In 2003, it was also reported that illegal cigarettes were also smuggled into Sweden. The tobacco was legally imported from China or the Balkans, then distributed via ports in the Black Sea to buyers located elsewhere. The owners of the illegal cigarette factories bought the tobacco and, using old equipment (in some cases Danish machines from the 1950s), cigarettes were produced. They were printed with the branding of Prince or Marlboro, a case of trademark infringement. Direct transport from China also occurs.

In 2011, it was reported that BAT added additives into Prince cigarettes that made people addicted. A lawsuit followed, brought by ex-smoker Allan Lykke Jensen, which would settle whether BAT misled consumers by adding these additives, and by using false information from their own smoke testing devices.

In 2011, reports came out that the Scandinavian Tobacco Company may have used tobacco waste in the Prince cigarettes until the 1990s, and which was admitted the former director of Scandinavian Tobacco Company, Claus Bagger, in the Eastern District Court. He was interrogated as a representative of Scandinavian Tobacco Company, under the lawsuit brought by ex-smoker Allan Lykke Jensen for using different additives and techniques to mislead the smokers of nicotine and tar prescription in the Prince cigarettes. One of these methods, according to critics, was the addition of reconstituted tobacco waste.

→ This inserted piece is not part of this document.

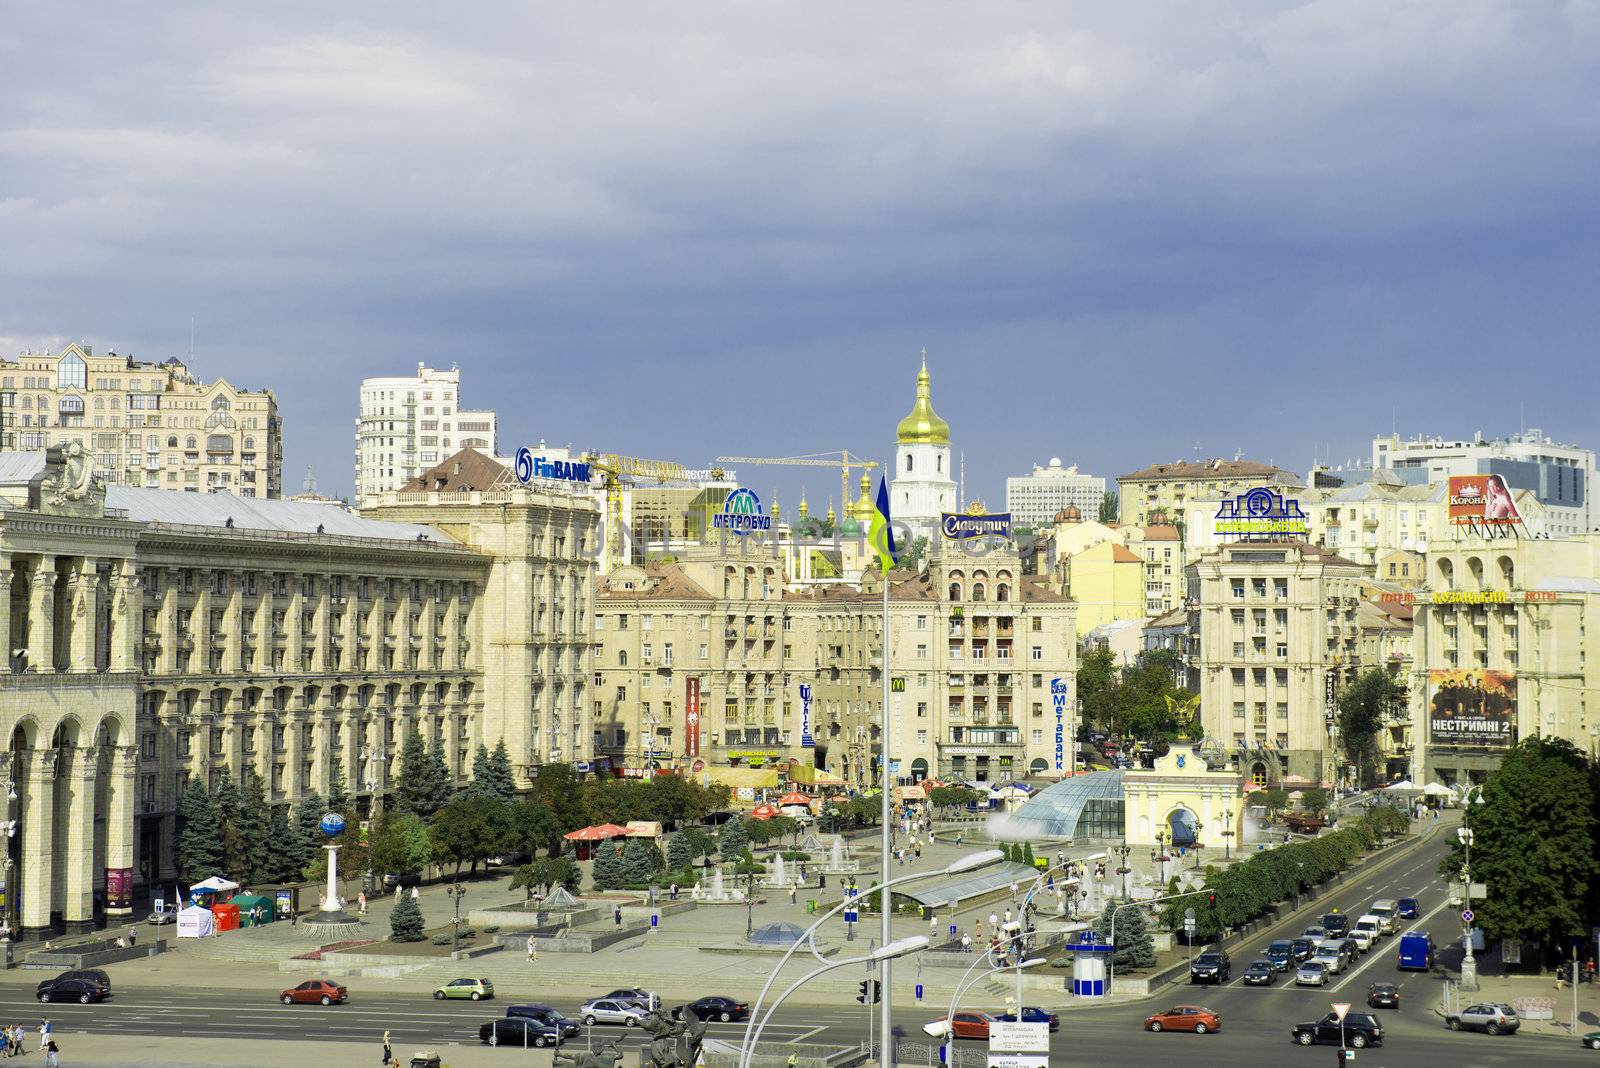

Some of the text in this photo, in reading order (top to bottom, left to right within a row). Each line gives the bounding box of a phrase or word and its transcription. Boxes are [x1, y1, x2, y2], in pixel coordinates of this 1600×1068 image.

[533, 457, 591, 482] FinBANK
[713, 513, 771, 530] МЕТРОБУД
[1432, 719, 1510, 732] НЕСТРИМНІ 2

In 2017, it was reported that illegal cartons of Prince cigarettes were openly sold online, often by criminal gangs. The main selling points were on Facebook and dba.dk. A carton typically cost between 250 and 300 Danish krone, making these cigarettes significantly cheaper than those in Danish stores where official Prince Red cartons cost 440 kr. The cigarettes are in any event illegal because no Danish tax is paid. But in a large part of the cigarettes there is something completely different from what was separated by the side of the package. Copyrights are typically produced at illegal factories in Eastern Europe and Asia. In Poland, the authorities often find illegal cigarettes, and in 2016, Polish police stormed illegal cigarette factories 30 times. Also at the Polish borders, 739 million cigarettes were confiscated in 2016. 186 times, the Polish authorities found Red Prince, which was produced in Germany for the Scandinavian market.

==Markets==
Prince cigarettes are mainly sold in Denmark, but also are or were sold in Greenland, Norway, Sweden, Germany, France, Austria, Spain, Poland, Hungary, Czechoslovakia, Czech Republic, Greece, Latvia, Lithuania, Russia and India.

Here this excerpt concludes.